Other recordings include complete audio operas: Mozart's The Magic Flute (Papagena) conducted by Sir Charles Mackerras, Mozart's Così fan tutte (Despina), also conducted by Mackerras and Yum-Yum in the audio and video recordings of the Jonathan Miller production of The Mikado from ENO, in which she played the leading soprano role, Yum-Yum. She appears on two other DVDs of complete works from English National Opera, Handel's Ariodante (Dalinda) and Xerxes (Atalanta). In the video of the 1984 Glyndebourne L'incoronazione di Poppea under Raymond Leppard, she sings Nutrice and Valletto.

Garrett's only credit on a hit single was on a version of "Ave Maria", which she performed with leukaemia sufferer Amanda Thompson for the television programme Hearts of Gold, which reached no. 16 in the UK singles chart at the end of November 1993.

===Solo albums===
- Studio
- Diva! A Soprano at the Movies (1991) AUS No. 74
- Prima Donna (1992)
- Simple Gifts (1994)
- The Lesley Garrett Album (1994) – UK No. 25
- Soprano in Red (1995) – No. 59
- Soprano in Hollywood (1996) – UK No. 53
- A Soprano Inspired (1997) – UK No. 48
- Lesley Garrett (1998) – UK No. 34
- I Will Wait For You (2000) – UK No. 28
- Travelling Light (2001) – UK No. 75
- The Singer (2002)
- So Deep is the Night (2003)
- When I Fall in Love (2007) – UK No. 11
- Amazing Grace (2008) – UK No. 50
- A North Country Lass (2012) – UK No. 66
- Centre Stage: The Musicals Album (2015)

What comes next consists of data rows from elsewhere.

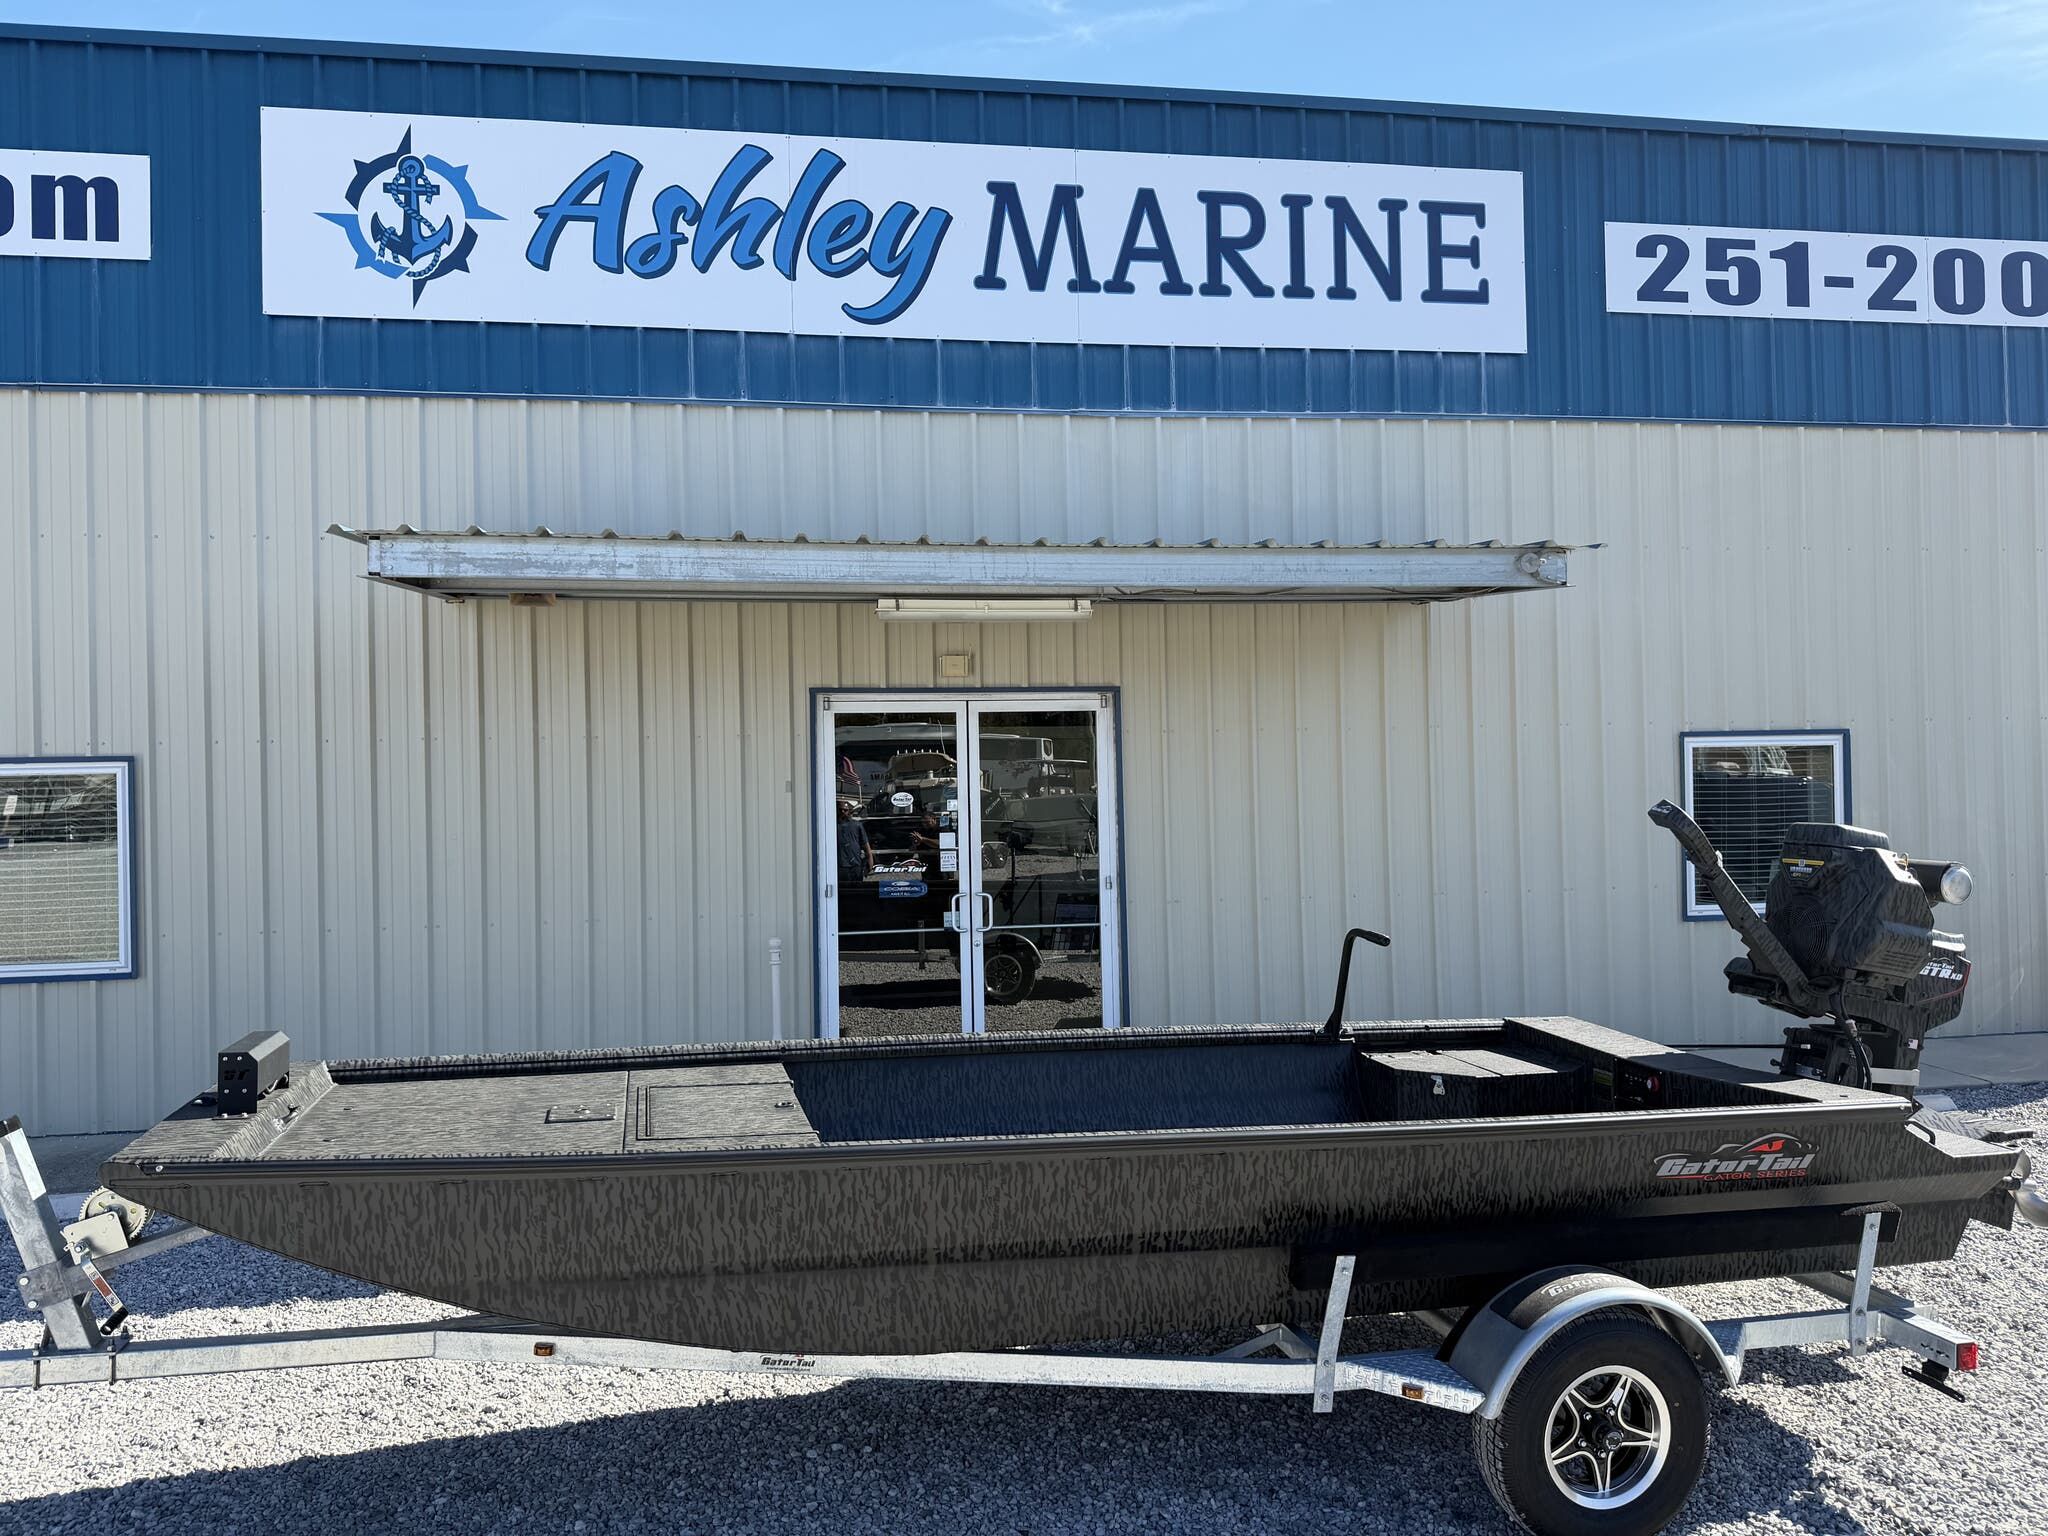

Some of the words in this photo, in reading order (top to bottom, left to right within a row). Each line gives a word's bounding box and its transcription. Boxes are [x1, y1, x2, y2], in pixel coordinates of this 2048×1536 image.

[0, 174, 119, 242] m
[525, 143, 952, 324] Ashley
[974, 180, 1489, 305] MARINE
[1635, 233, 2048, 318] 251-200
[1656, 1153, 1816, 1177] GatorTail
[1703, 1171, 1752, 1182] GATOR
[1756, 1168, 1808, 1179] SERIES
[761, 1357, 816, 1367] GatorTail

====Compilation albums====
- The Soprano's Greatest Hits (1997) – UK No. 53
- The Best of Lesley Garrett (2004)

===Solo DVDs===
- Lesley Garrett (1998)
- I Will Wait For You (2000)
- Notes From The Heart (2003)
- Desert Dreams (2004)
- Lesley Garrett: Music from the Movies (2006)
- Lesley Garrett Live At Christmas (2008)

==Bibliography==
- Notes From a Small Soprano – 2000
- Lesley Garrett: My Autobiography* – 2000
- Lesley Garrett Song Collection – 2001

- Reprint of Notes From a Small Soprano with few edits. Also the title of some copies of the audiobook.